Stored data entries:
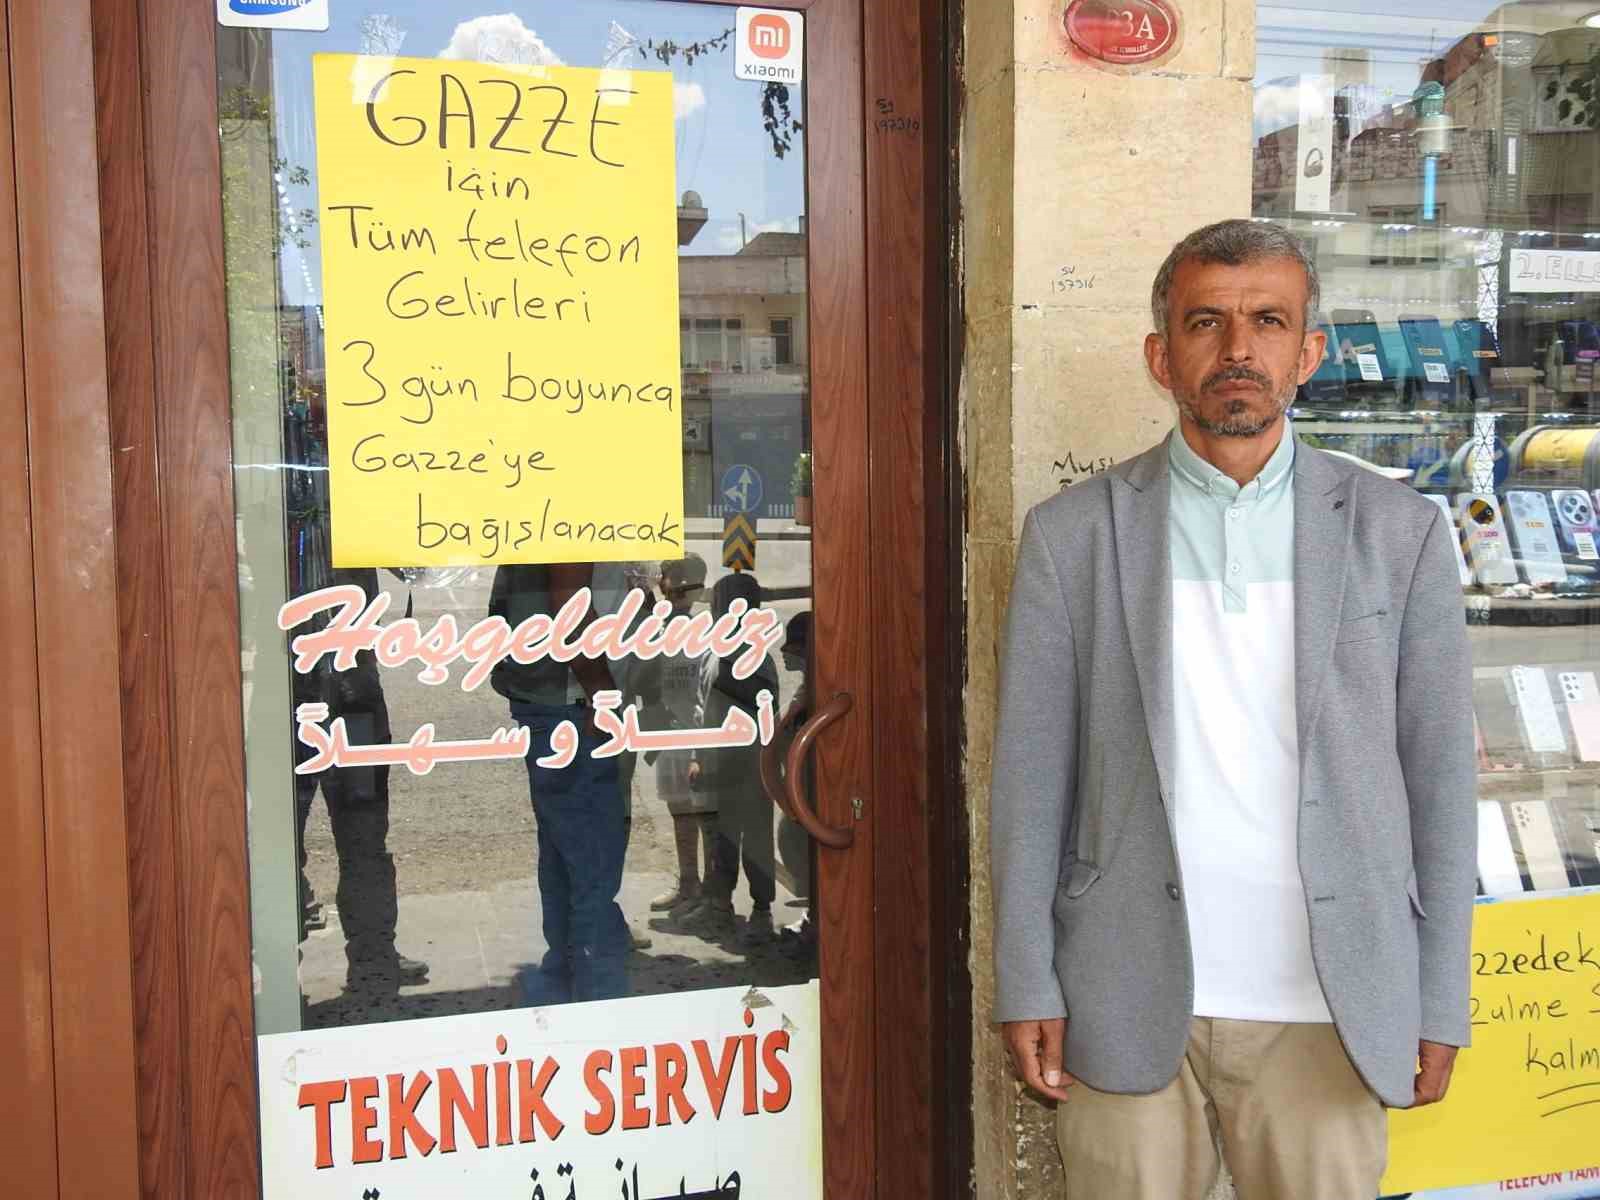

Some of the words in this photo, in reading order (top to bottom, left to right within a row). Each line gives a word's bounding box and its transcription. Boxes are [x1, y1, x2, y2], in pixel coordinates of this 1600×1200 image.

[744, 64, 795, 79] xiaomi
[366, 69, 638, 167] GAZZE
[328, 205, 436, 254] Tüm
[458, 208, 640, 277] telefon
[386, 269, 591, 322] Gelirleri
[342, 340, 387, 407] 3
[401, 365, 478, 425] gün
[502, 352, 673, 414] boyunca
[351, 433, 555, 489] Gazze'ye
[417, 493, 680, 559] bağışlanacak
[278, 585, 783, 691] Hoşgeldiniz
[536, 720, 579, 768] و
[297, 1034, 564, 1169] TEKNİK
[583, 1008, 792, 1135] SERVİS
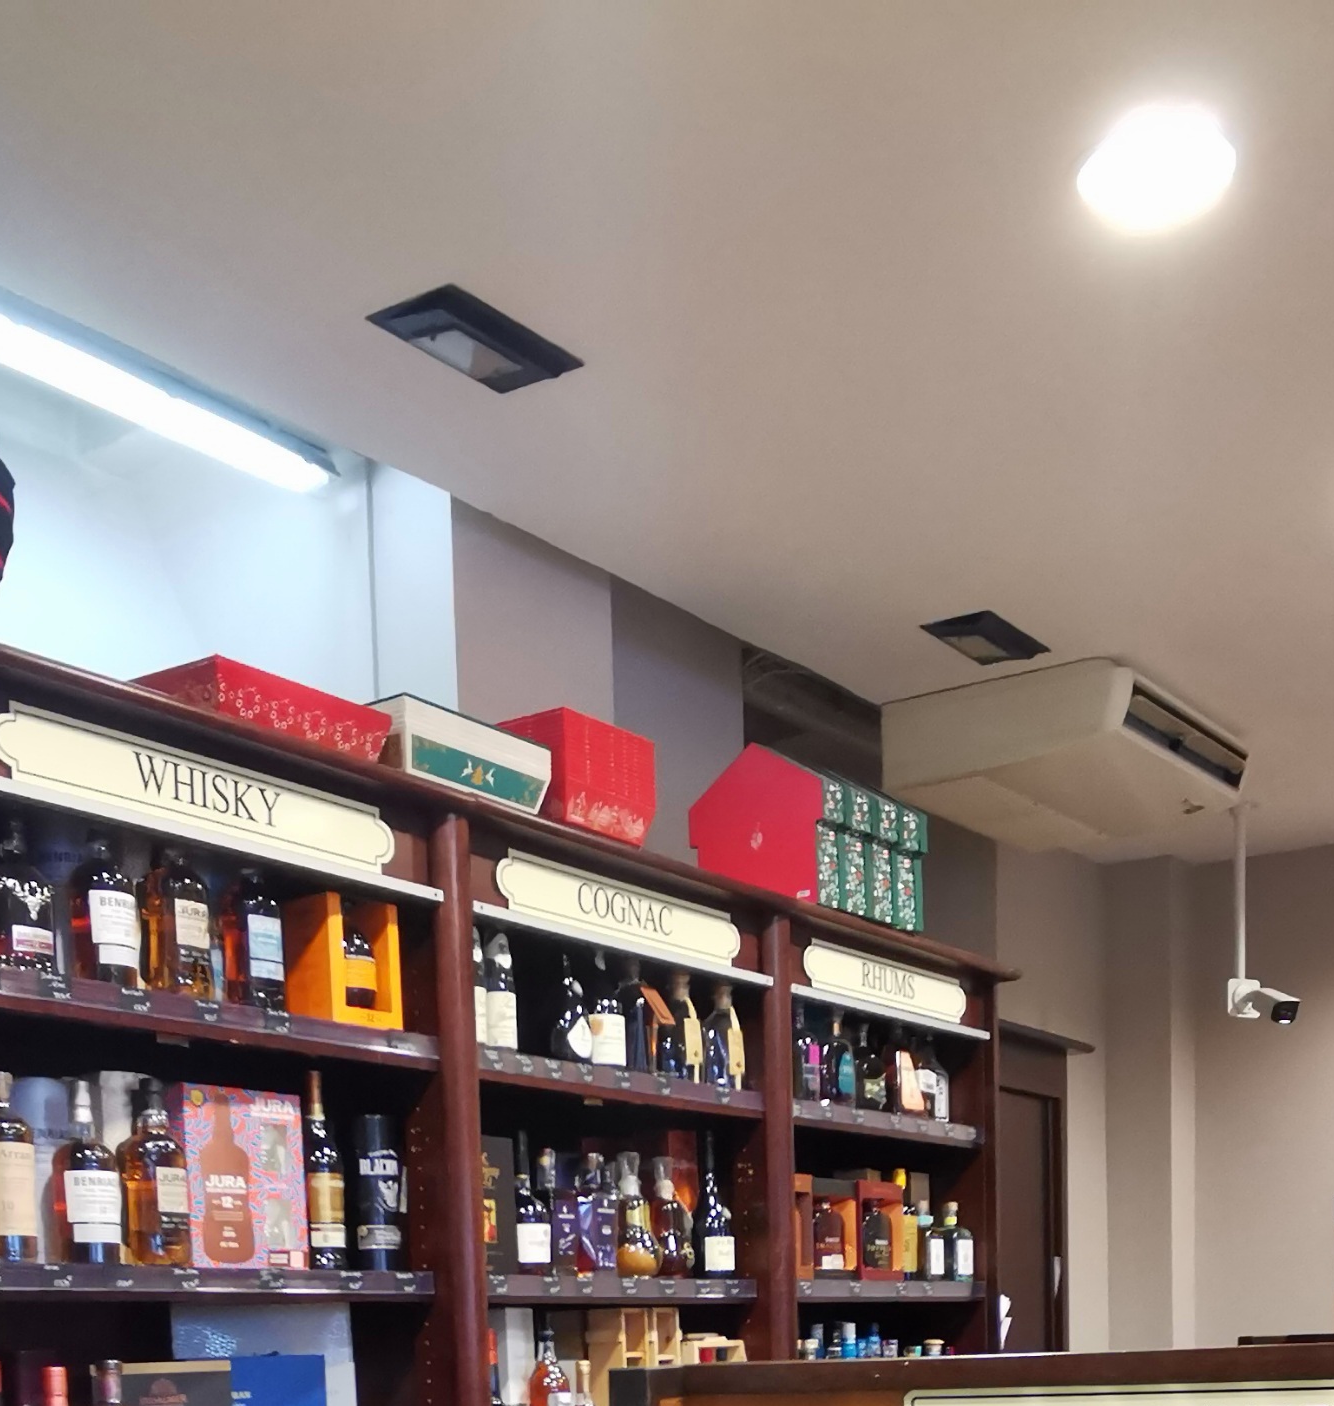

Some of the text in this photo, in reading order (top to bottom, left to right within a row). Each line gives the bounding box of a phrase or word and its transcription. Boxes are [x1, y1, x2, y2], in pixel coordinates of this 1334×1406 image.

[132, 750, 282, 829] WHISKY
[576, 881, 674, 938] COGNAC
[860, 960, 916, 1001] RHUMS
[249, 1096, 295, 1115] JURA
[204, 1174, 248, 1190] JURA
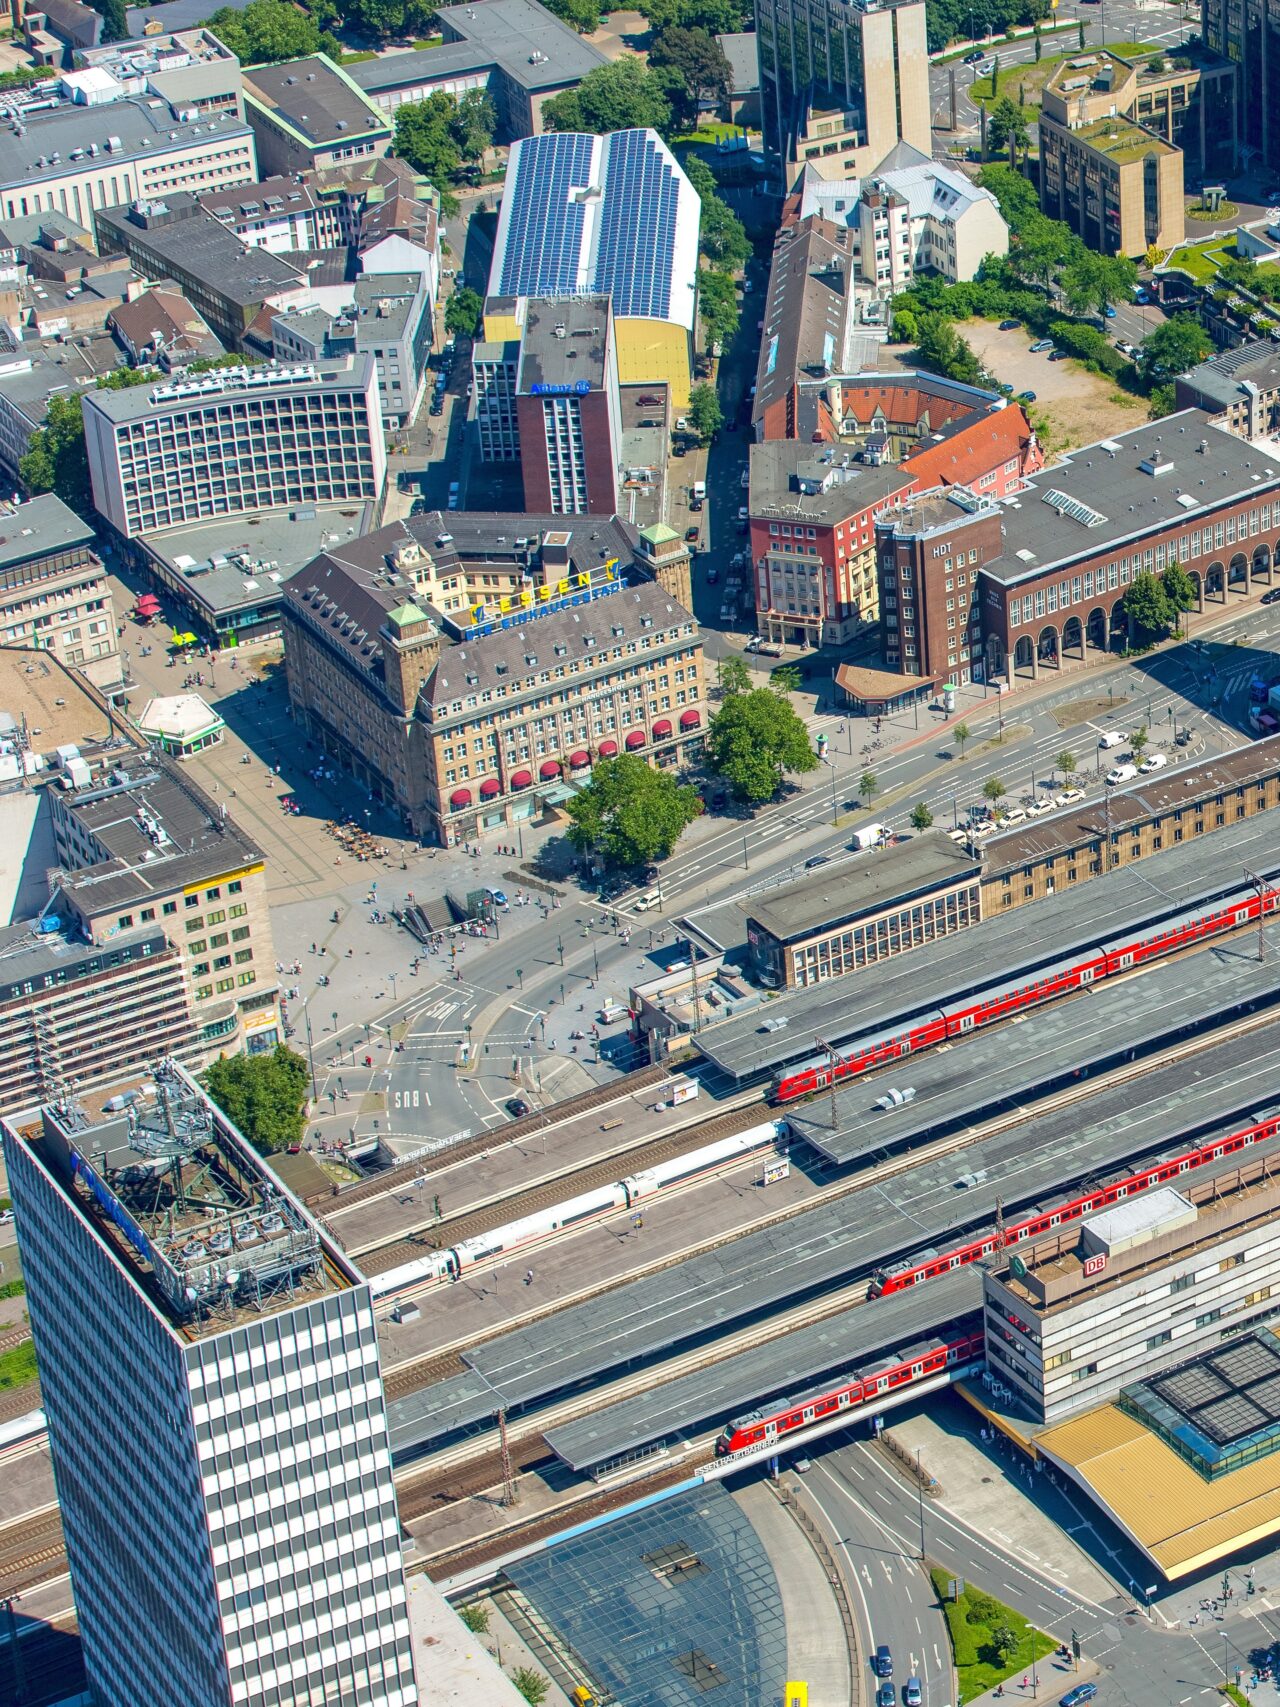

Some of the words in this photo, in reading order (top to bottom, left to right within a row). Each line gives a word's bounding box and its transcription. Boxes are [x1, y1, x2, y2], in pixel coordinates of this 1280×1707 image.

[531, 384, 572, 393] Allianz
[933, 542, 952, 558] HDT
[500, 571, 590, 613] ESSEN
[502, 579, 628, 630] EINKAUFSSTADT
[581, 684, 625, 702] HANDELSHOF
[426, 1001, 457, 1020] BUS
[395, 1090, 420, 1108] BUS
[1088, 1257, 1105, 1273] DB
[695, 1459, 721, 1477] ESSEN
[721, 1436, 779, 1466] HAUPTBAHNHOF
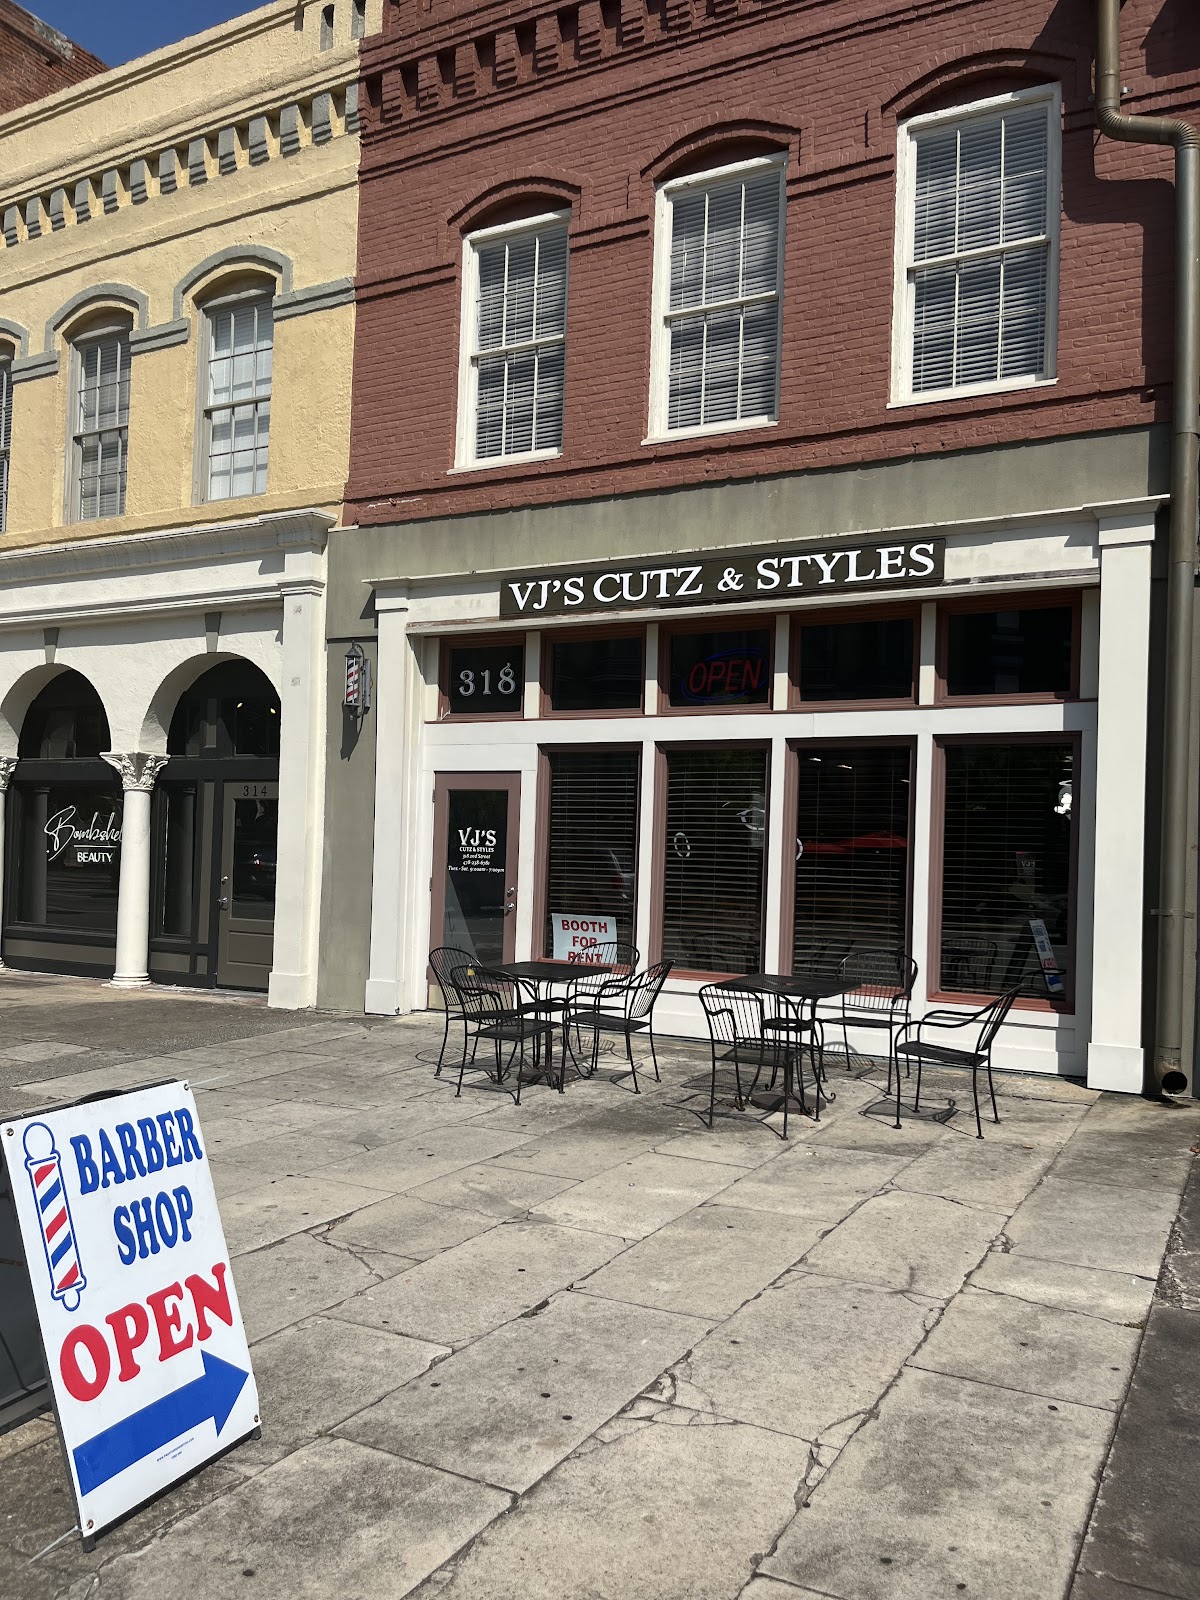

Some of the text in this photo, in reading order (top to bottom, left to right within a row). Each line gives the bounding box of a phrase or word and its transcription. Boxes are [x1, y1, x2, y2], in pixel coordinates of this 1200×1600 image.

[508, 542, 936, 612] VJ'S CUTZ & STYLES
[457, 662, 517, 698] 318
[688, 657, 763, 696] OPEN
[242, 785, 268, 798] 314
[457, 826, 497, 847] VJ'S
[77, 852, 113, 863] BEAUTY
[561, 920, 608, 933] BOOTH
[572, 935, 598, 948] FOR
[70, 1107, 203, 1196] BARBER
[113, 1184, 194, 1266] SHOP
[59, 1261, 234, 1403] OPEN

Task objective - Transcribe all of the data above exactly; no picture belongs in the copy.

Result of the exercise -
Some of the words in this photo, in reading order (top to bottom, left to right within a row). Each line gives a word's bounding box and its transcription. Boxes are [x1, y1, x2, y2], in pixel coordinates of this 1600×1200 image.

[744, 64, 795, 79] xiaomi
[366, 69, 638, 167] GAZZE
[328, 205, 436, 254] Tüm
[458, 208, 640, 277] telefon
[386, 269, 591, 322] Gelirleri
[342, 340, 387, 407] 3
[401, 365, 478, 425] gün
[502, 352, 673, 414] boyunca
[351, 433, 555, 489] Gazze'ye
[417, 493, 680, 559] bağışlanacak
[278, 585, 783, 691] Hoşgeldiniz
[536, 720, 579, 768] و
[297, 1034, 564, 1169] TEKNİK
[583, 1008, 792, 1135] SERVİS

Some of the text in this photo, in reading order (top to bottom, left to right within a row). Each line gives the bounding box of a phrase or word and its transcription. Boxes are [x1, y1, x2, y2], in pixel coordinates of this 1334×1406 image.

[132, 750, 282, 829] WHISKY
[576, 881, 674, 938] COGNAC
[860, 960, 916, 1001] RHUMS
[249, 1096, 295, 1115] JURA
[204, 1174, 248, 1190] JURA

Some of the words in this photo, in reading order (top to bottom, left to right within a row). Each line gives a word's bounding box and its transcription. Boxes are [x1, y1, x2, y2], in pixel coordinates of this 1280×1707 image.

[531, 384, 572, 393] Allianz
[933, 542, 952, 558] HDT
[500, 571, 590, 613] ESSEN
[502, 579, 628, 630] EINKAUFSSTADT
[581, 684, 625, 702] HANDELSHOF
[426, 1001, 457, 1020] BUS
[395, 1090, 420, 1108] BUS
[1088, 1257, 1105, 1273] DB
[695, 1459, 721, 1477] ESSEN
[721, 1436, 779, 1466] HAUPTBAHNHOF

Some of the text in this photo, in reading order (top to bottom, left to right within a row). Each line gives the bounding box of a phrase or word and its transcription. Boxes are [x1, y1, x2, y2], in pixel coordinates of this 1200×1600 image.

[508, 542, 936, 612] VJ'S CUTZ & STYLES
[457, 662, 517, 698] 318
[688, 657, 763, 696] OPEN
[242, 785, 268, 798] 314
[457, 826, 497, 847] VJ'S
[77, 852, 113, 863] BEAUTY
[561, 920, 608, 933] BOOTH
[572, 935, 598, 948] FOR
[70, 1107, 203, 1196] BARBER
[113, 1184, 194, 1266] SHOP
[59, 1261, 234, 1403] OPEN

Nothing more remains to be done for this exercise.